- Work to be completed
This exercise calls for an exact copy of the listing, with no pictures kept.

- Information given
++++++

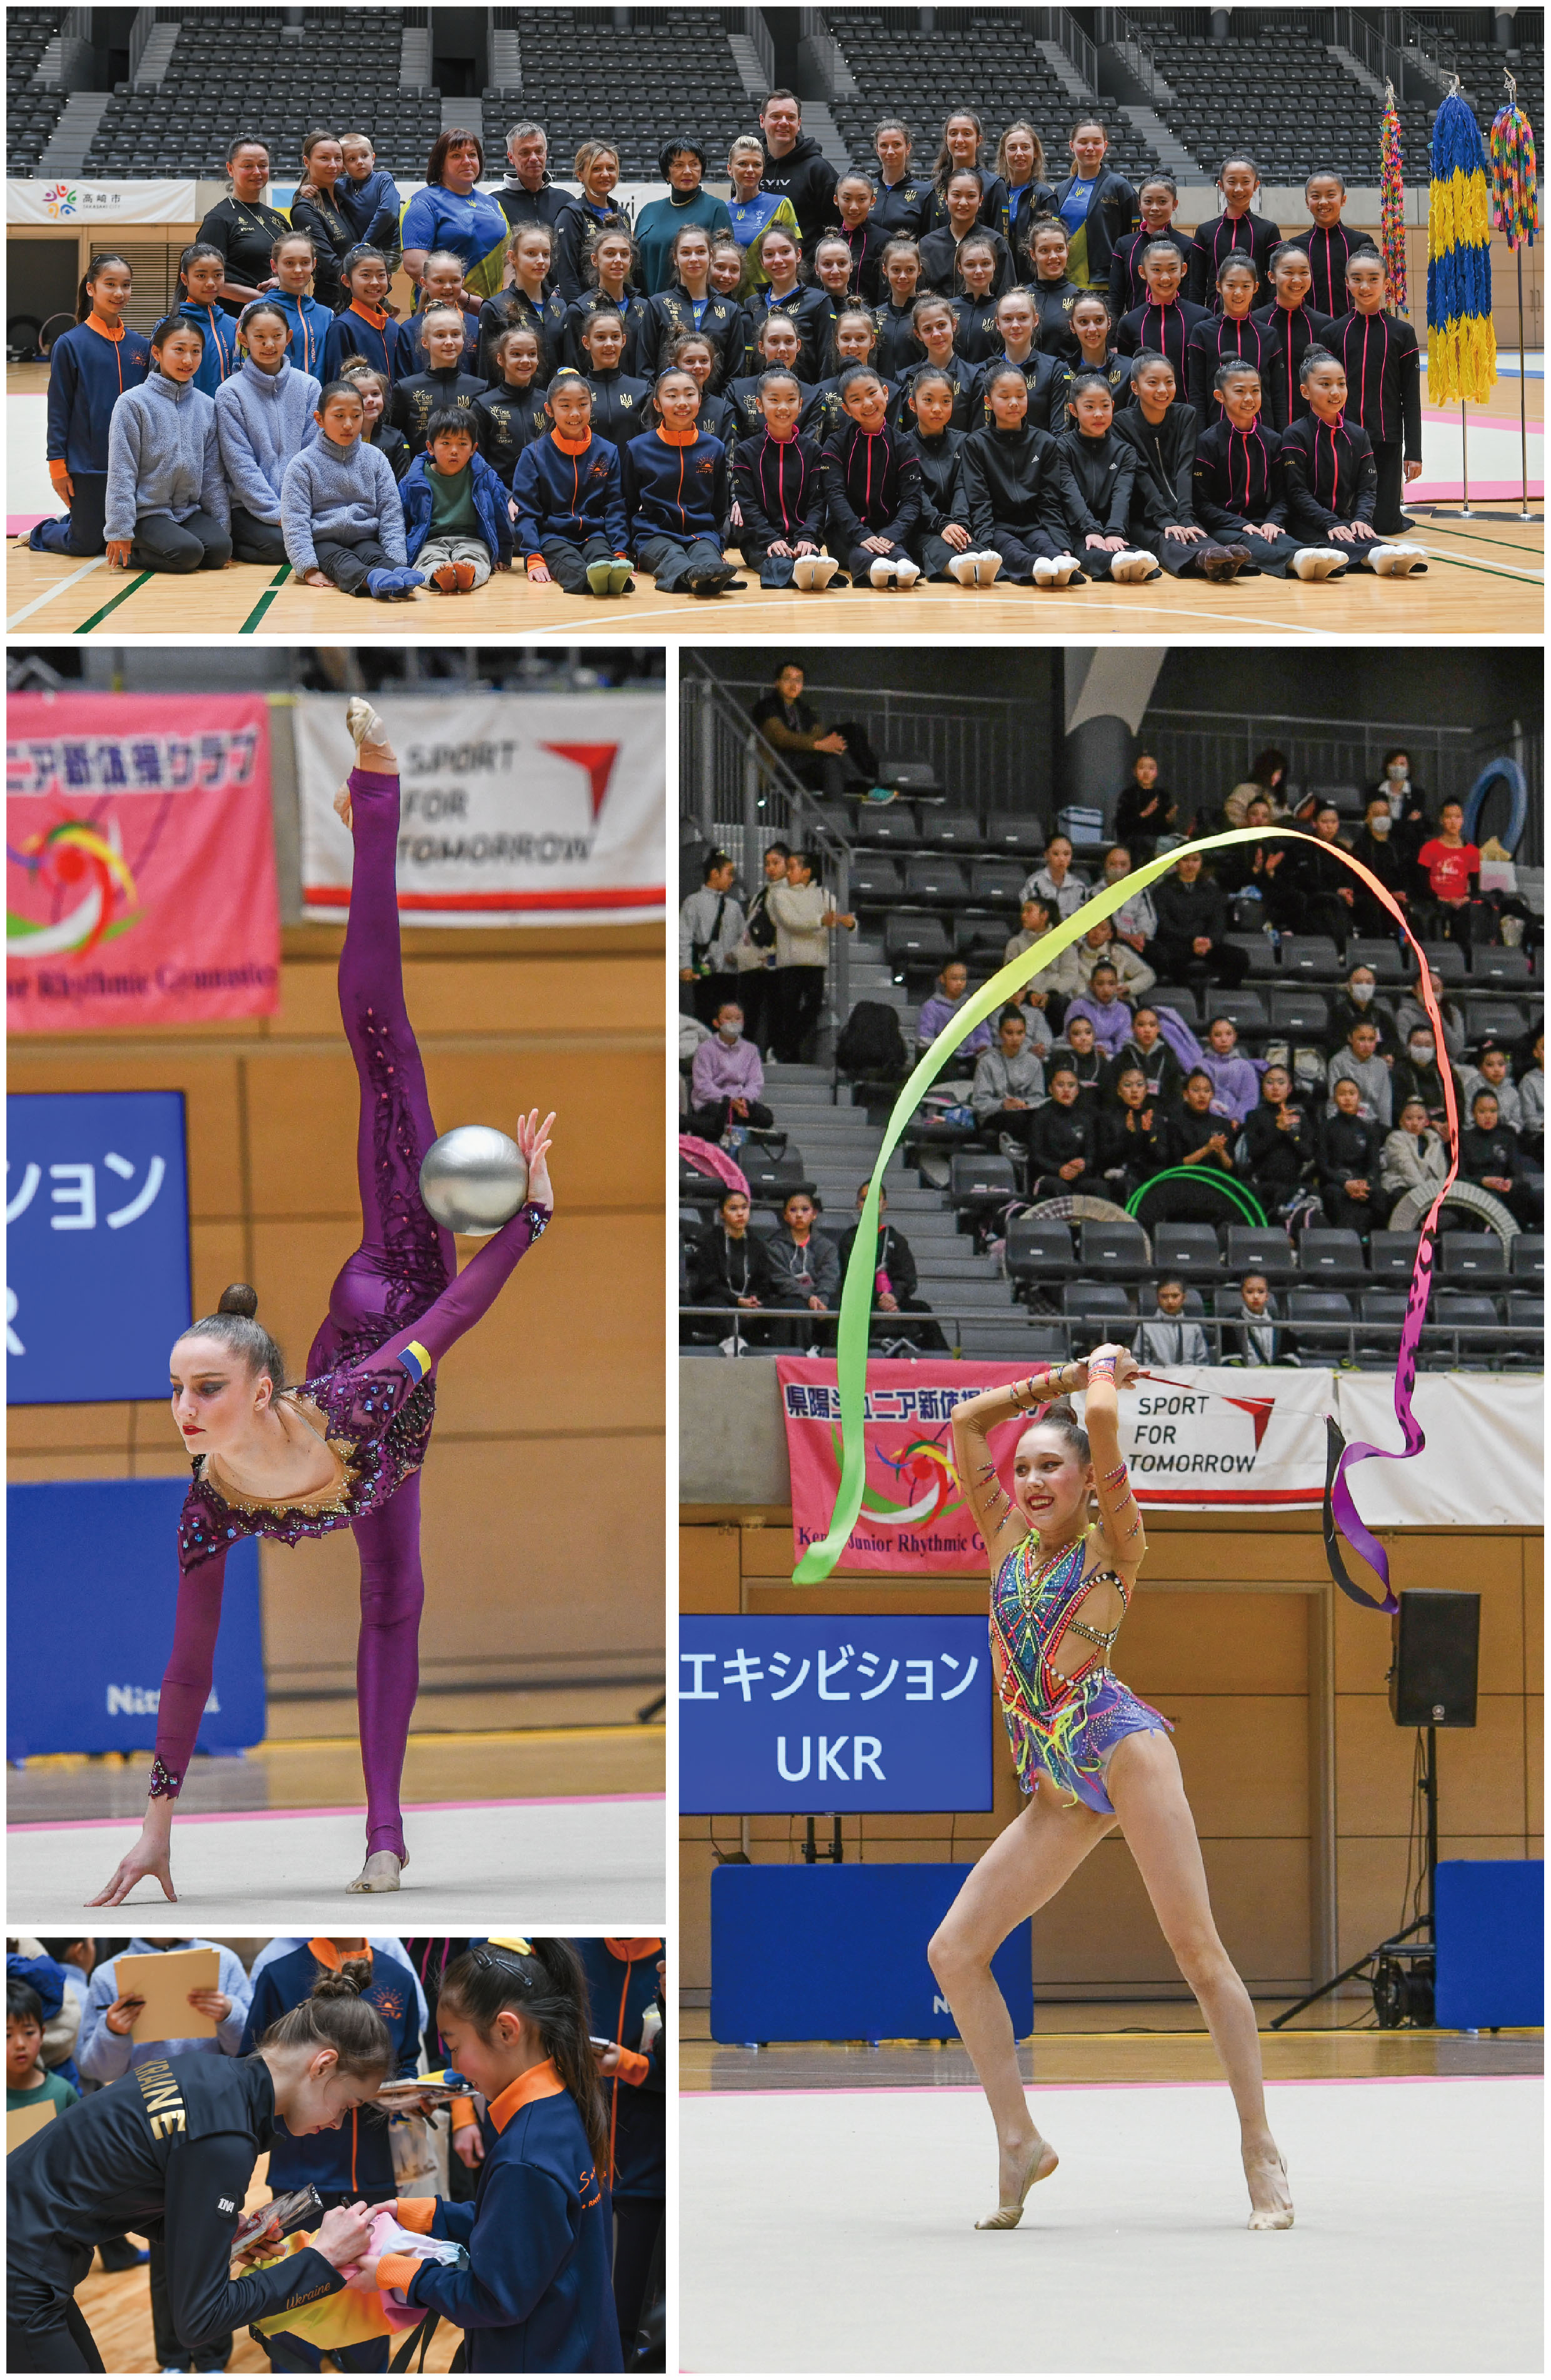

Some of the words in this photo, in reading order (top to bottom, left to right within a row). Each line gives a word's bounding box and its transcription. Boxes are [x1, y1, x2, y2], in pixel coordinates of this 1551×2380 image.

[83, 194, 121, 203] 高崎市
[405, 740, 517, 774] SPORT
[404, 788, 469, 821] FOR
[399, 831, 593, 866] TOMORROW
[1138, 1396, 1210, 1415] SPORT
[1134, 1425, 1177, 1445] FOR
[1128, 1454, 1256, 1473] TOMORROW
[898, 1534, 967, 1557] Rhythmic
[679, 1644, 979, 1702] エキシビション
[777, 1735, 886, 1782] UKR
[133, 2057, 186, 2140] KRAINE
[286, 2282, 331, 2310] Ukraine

++++++

- Solution below
Some of the words in this photo, in reading order (top to bottom, left to right within a row). Each line gives a word's bounding box and its transcription. Boxes are [x1, y1, x2, y2], in pixel coordinates of this 1551×2380 image.

[83, 194, 121, 203] 高崎市
[405, 740, 517, 774] SPORT
[404, 788, 469, 821] FOR
[399, 831, 593, 866] TOMORROW
[1138, 1396, 1210, 1415] SPORT
[1134, 1425, 1177, 1445] FOR
[1128, 1454, 1256, 1473] TOMORROW
[898, 1534, 967, 1557] Rhythmic
[679, 1644, 979, 1702] エキシビション
[777, 1735, 886, 1782] UKR
[133, 2057, 186, 2140] KRAINE
[286, 2282, 331, 2310] Ukraine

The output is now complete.